## Source data
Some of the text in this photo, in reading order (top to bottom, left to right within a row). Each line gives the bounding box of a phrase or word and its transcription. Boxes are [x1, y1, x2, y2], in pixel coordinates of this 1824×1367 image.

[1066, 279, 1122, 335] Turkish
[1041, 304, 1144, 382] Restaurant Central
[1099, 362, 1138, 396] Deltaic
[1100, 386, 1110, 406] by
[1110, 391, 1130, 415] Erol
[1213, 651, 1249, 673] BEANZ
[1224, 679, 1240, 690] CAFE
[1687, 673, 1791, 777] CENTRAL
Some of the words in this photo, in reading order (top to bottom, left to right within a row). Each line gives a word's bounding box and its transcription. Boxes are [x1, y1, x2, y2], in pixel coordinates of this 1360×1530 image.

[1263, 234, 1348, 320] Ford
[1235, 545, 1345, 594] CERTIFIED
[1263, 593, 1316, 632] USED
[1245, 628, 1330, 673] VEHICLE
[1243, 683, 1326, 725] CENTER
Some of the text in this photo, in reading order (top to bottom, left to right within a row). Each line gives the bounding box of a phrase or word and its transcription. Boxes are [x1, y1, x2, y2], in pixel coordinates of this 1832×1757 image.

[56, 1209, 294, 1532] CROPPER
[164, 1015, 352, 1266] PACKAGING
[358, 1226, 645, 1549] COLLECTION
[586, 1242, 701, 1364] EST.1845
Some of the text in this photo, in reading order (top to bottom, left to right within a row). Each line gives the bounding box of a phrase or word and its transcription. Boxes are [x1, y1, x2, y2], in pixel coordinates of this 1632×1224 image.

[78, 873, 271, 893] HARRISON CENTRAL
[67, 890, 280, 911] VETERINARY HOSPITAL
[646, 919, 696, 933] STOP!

## Exercise instructions
Retype all of the material above with every character intact.

## Answer box
Some of the text in this photo, in reading order (top to bottom, left to right within a row). Each line gives the bounding box of a phrase or word and its transcription. Boxes are [x1, y1, x2, y2], in pixel coordinates of this 1824×1367 image.

[1066, 279, 1122, 335] Turkish
[1041, 304, 1144, 382] Restaurant Central
[1099, 362, 1138, 396] Deltaic
[1100, 386, 1110, 406] by
[1110, 391, 1130, 415] Erol
[1213, 651, 1249, 673] BEANZ
[1224, 679, 1240, 690] CAFE
[1687, 673, 1791, 777] CENTRAL
Some of the words in this photo, in reading order (top to bottom, left to right within a row). Each line gives a word's bounding box and its transcription. Boxes are [x1, y1, x2, y2], in pixel coordinates of this 1360×1530 image.

[1263, 234, 1348, 320] Ford
[1235, 545, 1345, 594] CERTIFIED
[1263, 593, 1316, 632] USED
[1245, 628, 1330, 673] VEHICLE
[1243, 683, 1326, 725] CENTER
Some of the text in this photo, in reading order (top to bottom, left to right within a row). Each line gives the bounding box of a phrase or word and its transcription. Boxes are [x1, y1, x2, y2], in pixel coordinates of this 1832×1757 image.

[56, 1209, 294, 1532] CROPPER
[164, 1015, 352, 1266] PACKAGING
[358, 1226, 645, 1549] COLLECTION
[586, 1242, 701, 1364] EST.1845
Some of the text in this photo, in reading order (top to bottom, left to right within a row). Each line gives the bounding box of a phrase or word and its transcription. Boxes are [x1, y1, x2, y2], in pixel coordinates of this 1632×1224 image.

[78, 873, 271, 893] HARRISON CENTRAL
[67, 890, 280, 911] VETERINARY HOSPITAL
[646, 919, 696, 933] STOP!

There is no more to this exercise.